N.H. Senator Switches Sides On Tax Credit
Law Gives Businesses Breaks For Supporting Private Schools
Concord — Supporters of New Hampshire’s new education tax credit program got a big boost yesterday when a key senator came out against a repeal bill being considered by the Democratic-controlled House, signaling the legislation could face a deadlock in the Senate.
“You have no data. You have absolutely no data to make any changes. ... When you have the data, then you can make a decision whether or not it’s a good idea or a bad idea,” Sen. Nancy Stiles, a Hampton Republican who voted against the program last year but now opposes repealing it, told the House Ways and Means Committee.
The program got under way Jan. 1, and already 270 children have applied for scholarships to help pay tuition for private schools and out-of-district public schools, or to defray the cost of home schooling, said Kate Baker, executive director of the Network for Educational Opportunity, the only scholarship organization established so far under the law.
Those children come from families that are, on average, larger and poorer than the state median, Baker said.
“I’ve heard from families really willing to make incredible sacrifices for their children. ... Let us keep our promise to these 270 low-income children that have already applied for scholarships,” she said.
Critics say the program will divert the state’s limited resources from public schools to private schools, including religious schools. It will benefit only a small number of students, they say, and may be unconstitutional.
“As a legislator deliberating education policy, I believe that my major responsibility is to make sure that New Hampshire’s children have access to an excellent ... public education, and that any resources we have should be dedicated to strengthening and improving our public schools,” said Concord Rep. Mary Stuart Gile, a Democrat and chairwoman of the House Education Committee, who introduced the repeal bill.
The Ways and Means Committee heard nearly 4½ hours of testimony at yesterday’s public hearing as it considers the bill to repeal the tax-credit program, which was created last June when the then-Republican-controlled Legislature overrode a gubernatorial veto.
Under the program, businesses can receive credits against their state tax bills if they donate to nonprofit scholarship organizations.
Those organizations then provide scholarships — averaging $2,500 per student per year — for tuition at private schools or public schools in a different district, or $625 to help defray home-schooling expenses.
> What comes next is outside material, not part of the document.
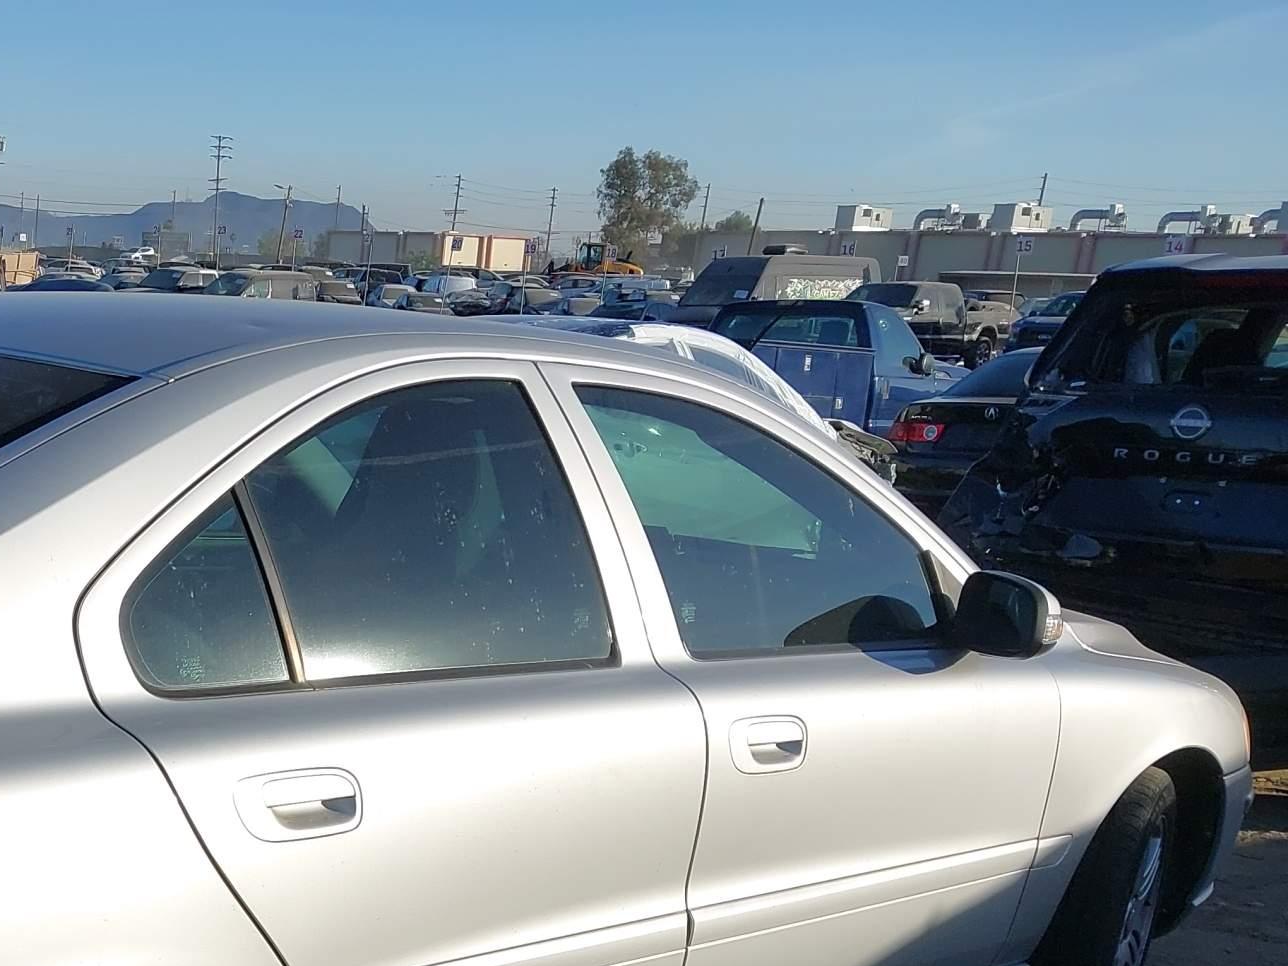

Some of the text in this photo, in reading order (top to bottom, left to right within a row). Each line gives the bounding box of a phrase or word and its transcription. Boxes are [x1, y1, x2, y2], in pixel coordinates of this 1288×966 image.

Rep. David Hess, a Hooksett Republican and the deputy GOP leader in the House, said all families — rich and poor — should have choices when it comes to educating their children. The Supreme Court, he noted, has said education is a fundamental right of all New Hampshire’s citizens.
“How can you exercise a right meaningfully if you don’t have choices?” he asked.
Stiles’s announcement yesterday that she’ll oppose the repeal bill is significant because she was one of two Senate Republicans to side with Democrats against the tax-credit program last year.
With Republicans now holding a slimmer, 13-11 majority in the Senate, Stiles could be the decisive vote on the repeal bill if it passes the House. The other Republican who voted against the program in 2012, Sen. Bob Odell of Lempster, has indicated he’d vote against it again. (He told the Monitor in January, “I’m pretty consistent.”)
In the case of a 12-12 tie, the repeal bill would fail to pass for lack of a majority. The Senate’s rules provide no mechanism for breaking a tie, according to spokeswoman Carole Alfano.
The tax-credit program is also under attack in the courts.
The New Hampshire Civil Liberties Union, the American Civil Liberties Union and Americans United for Separation of Church and State filed a lawsuit Jan. 9 seeking to block the program, saying it diverts public money to schools that teach religion and discriminate on the basis of religion in violation of the state Constitution.
But supporters say the money never passes through government hands, and so it doesn’t violate the Constitution — an argument supported by a U.S. Supreme Court decision in April 2011, which upheld a similar program in Arizona by ruling that a tax credit is different than a government expenditure.